_Your assignment_
In your copy, leave out the pictures and repeat every record exactly.

Free-text object descriptions:
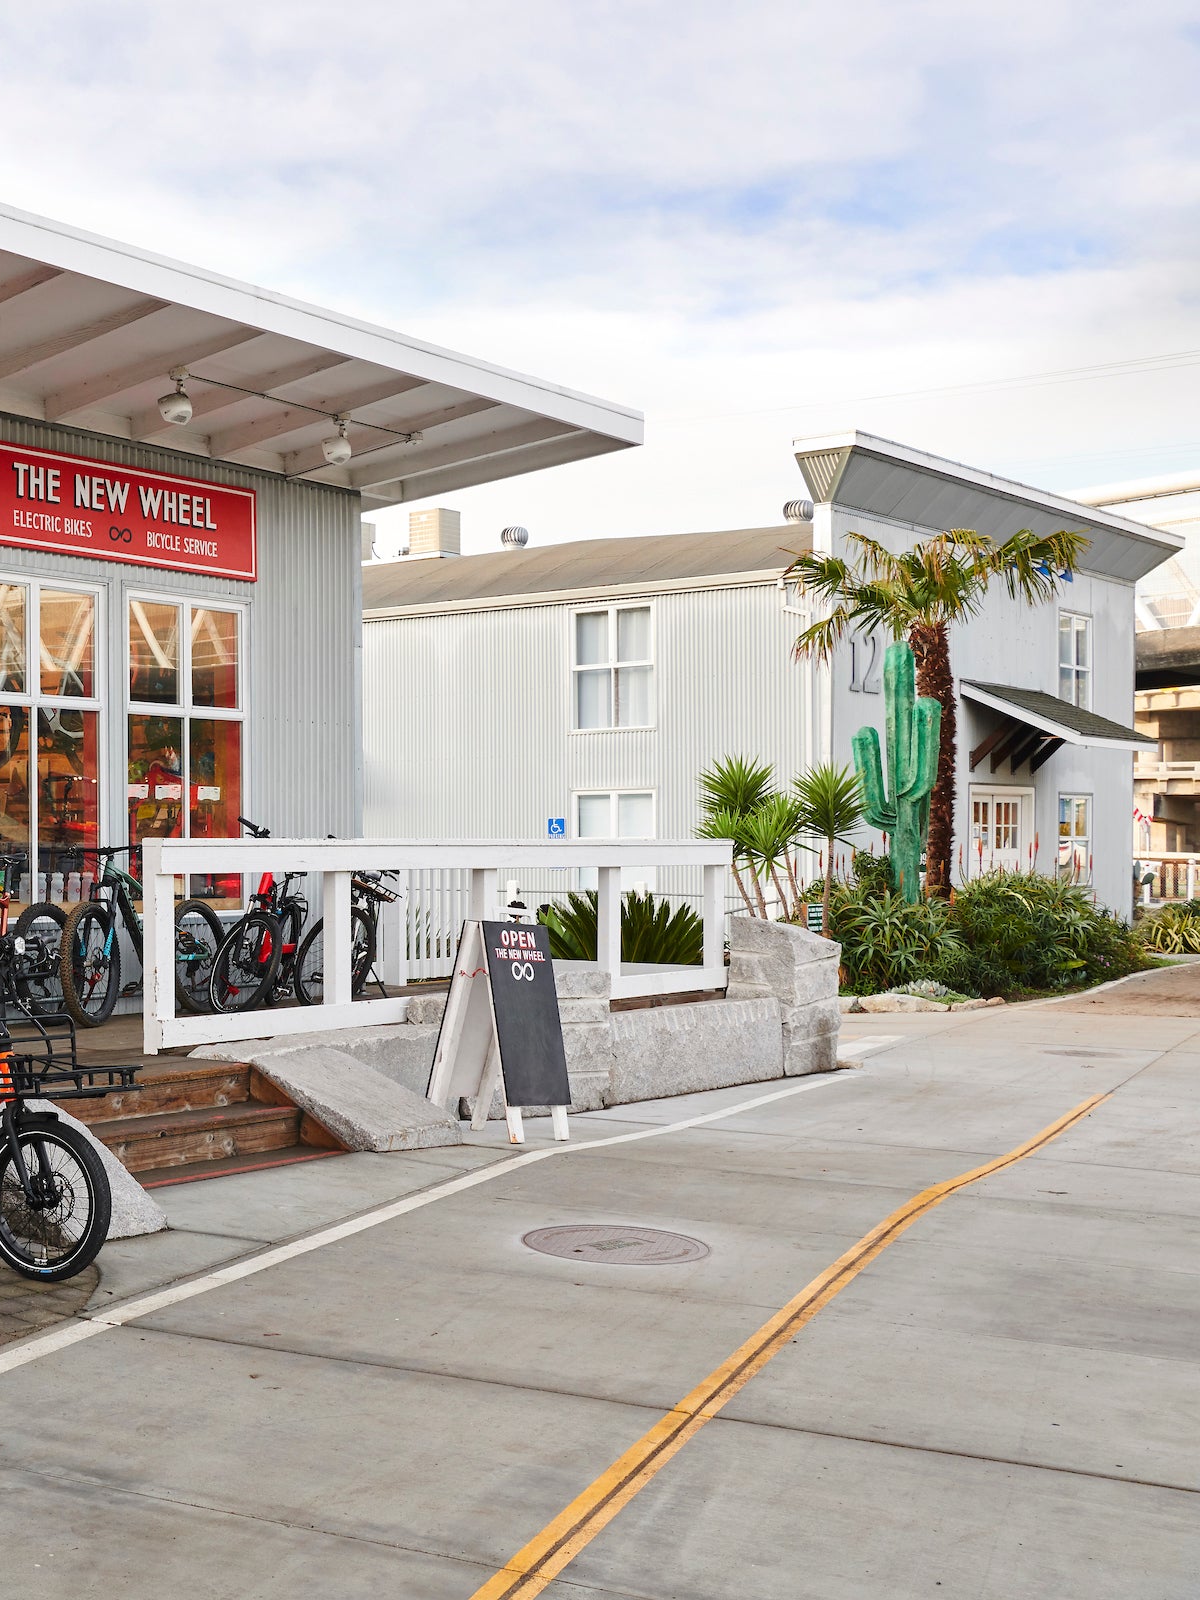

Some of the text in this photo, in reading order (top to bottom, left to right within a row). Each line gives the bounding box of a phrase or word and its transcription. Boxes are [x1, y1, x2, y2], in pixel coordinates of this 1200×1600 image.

[12, 462, 217, 531] THE NEW WHEEL
[13, 509, 93, 538] ELECTRIC BIKES
[146, 531, 218, 557] BICYCLE SERVICE
[501, 930, 536, 948] OPEN
[495, 948, 546, 962] THE NEW WHEEL

_Response to this task_
Some of the text in this photo, in reading order (top to bottom, left to right within a row). Each line gives the bounding box of a phrase or word and its transcription. Boxes are [x1, y1, x2, y2], in pixel coordinates of this 1200×1600 image.

[12, 462, 217, 531] THE NEW WHEEL
[13, 509, 93, 538] ELECTRIC BIKES
[146, 531, 218, 557] BICYCLE SERVICE
[501, 930, 536, 948] OPEN
[495, 948, 546, 962] THE NEW WHEEL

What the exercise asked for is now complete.